Items from a dataset
* * * *
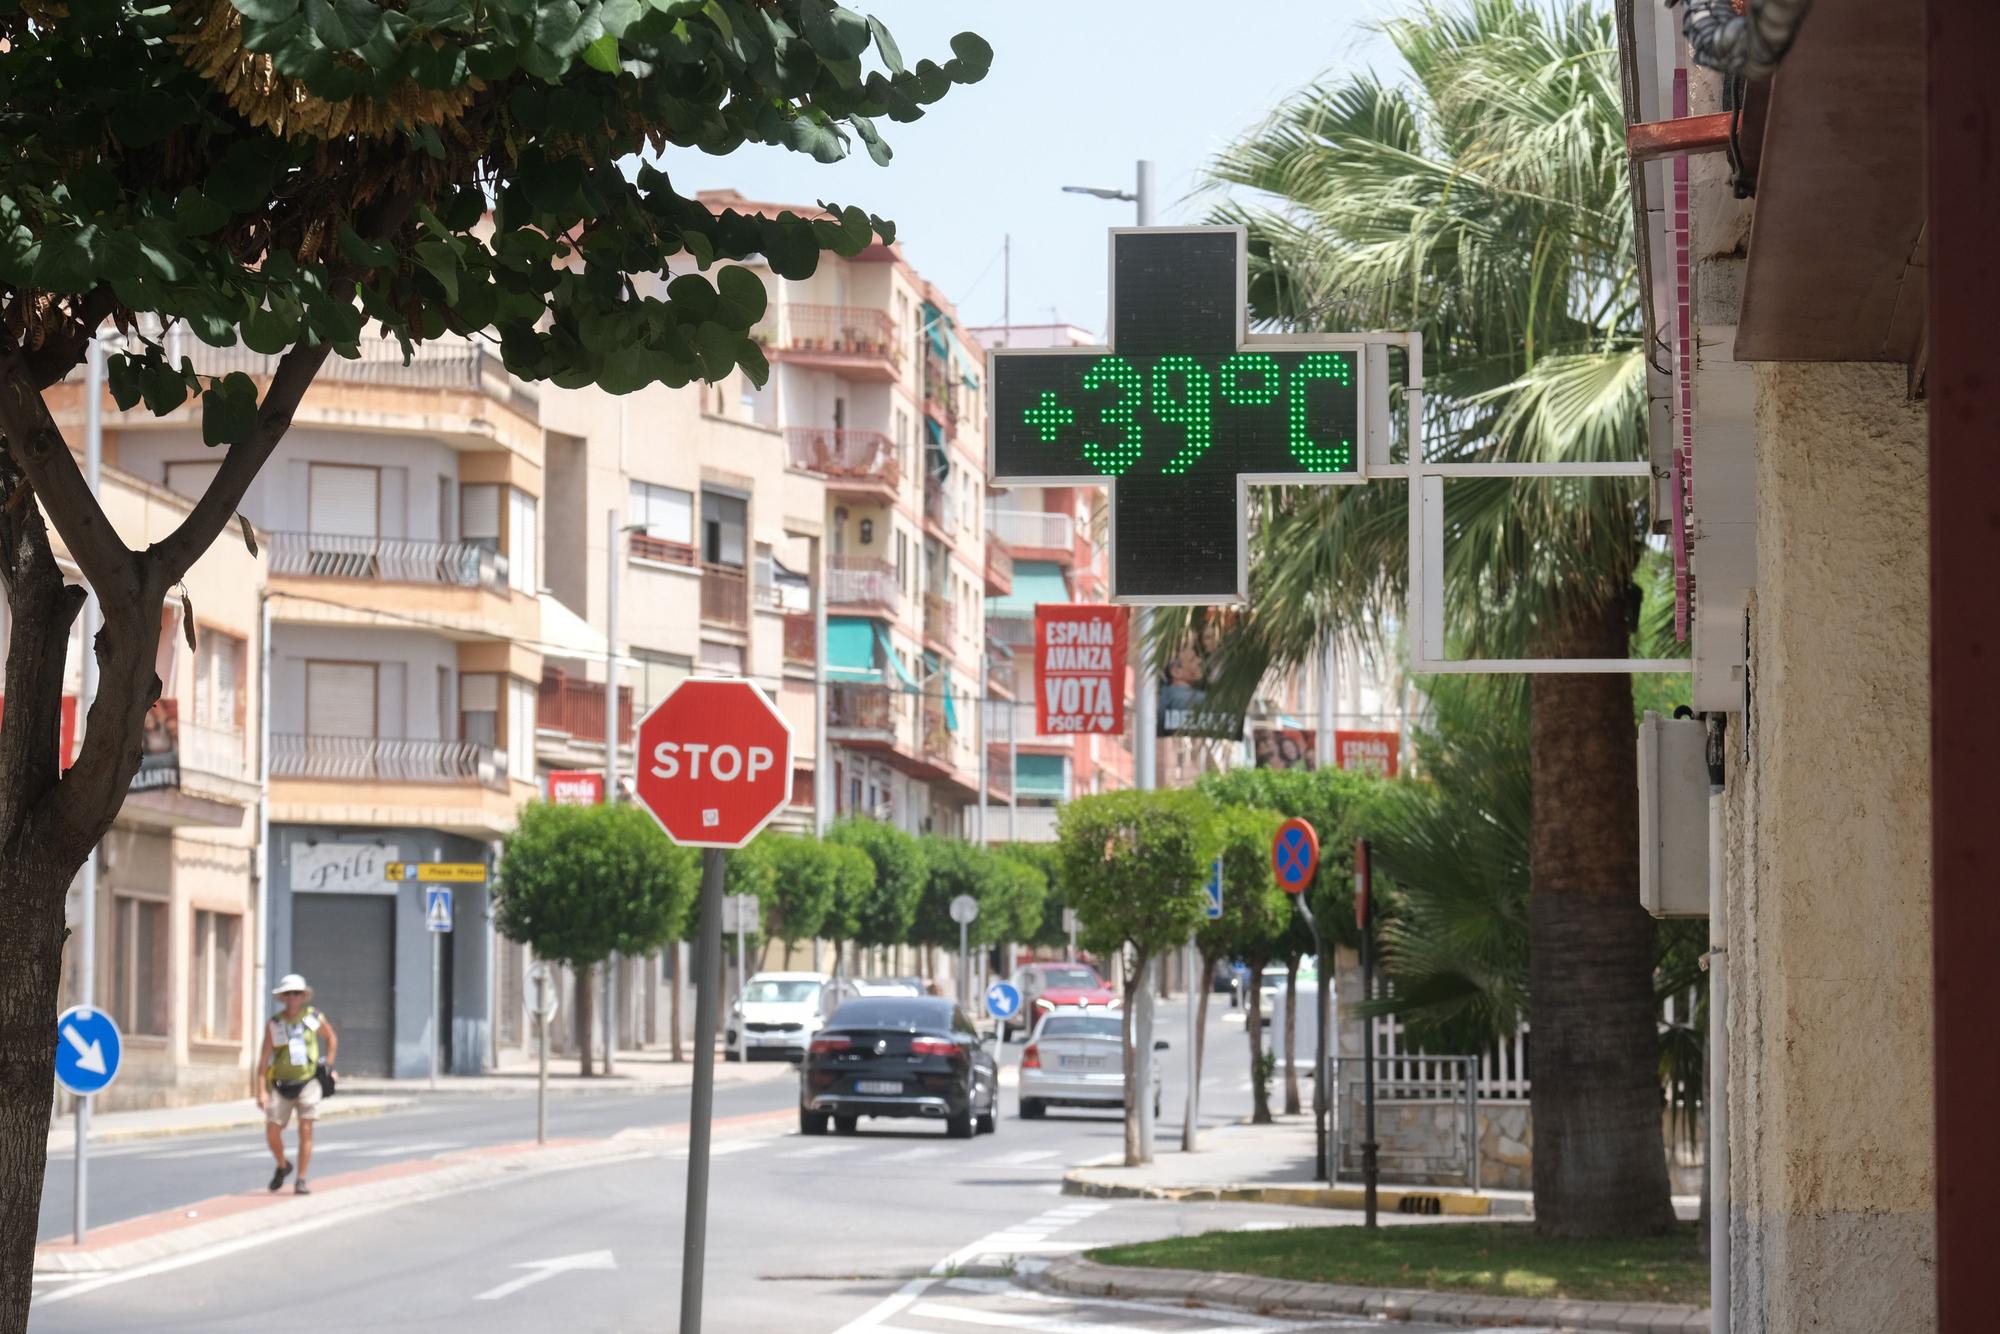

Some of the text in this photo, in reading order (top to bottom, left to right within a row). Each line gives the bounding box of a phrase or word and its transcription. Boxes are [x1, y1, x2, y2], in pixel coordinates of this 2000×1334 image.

[1045, 616, 1113, 645] ESPAÑA
[1045, 646, 1112, 670] AVANZA
[1044, 677, 1113, 714] VOTA
[1046, 715, 1085, 732] PSOE
[651, 741, 774, 782] STOP
* * * *
Work required: Could you output every record above exactly as written, leaving out the pictures?

Solution below:
Some of the text in this photo, in reading order (top to bottom, left to right within a row). Each line gives the bounding box of a phrase or word and its transcription. Boxes are [x1, y1, x2, y2], in pixel coordinates of this 2000×1334 image.

[1045, 616, 1113, 645] ESPAÑA
[1045, 646, 1112, 670] AVANZA
[1044, 677, 1113, 714] VOTA
[1046, 715, 1085, 732] PSOE
[651, 741, 774, 782] STOP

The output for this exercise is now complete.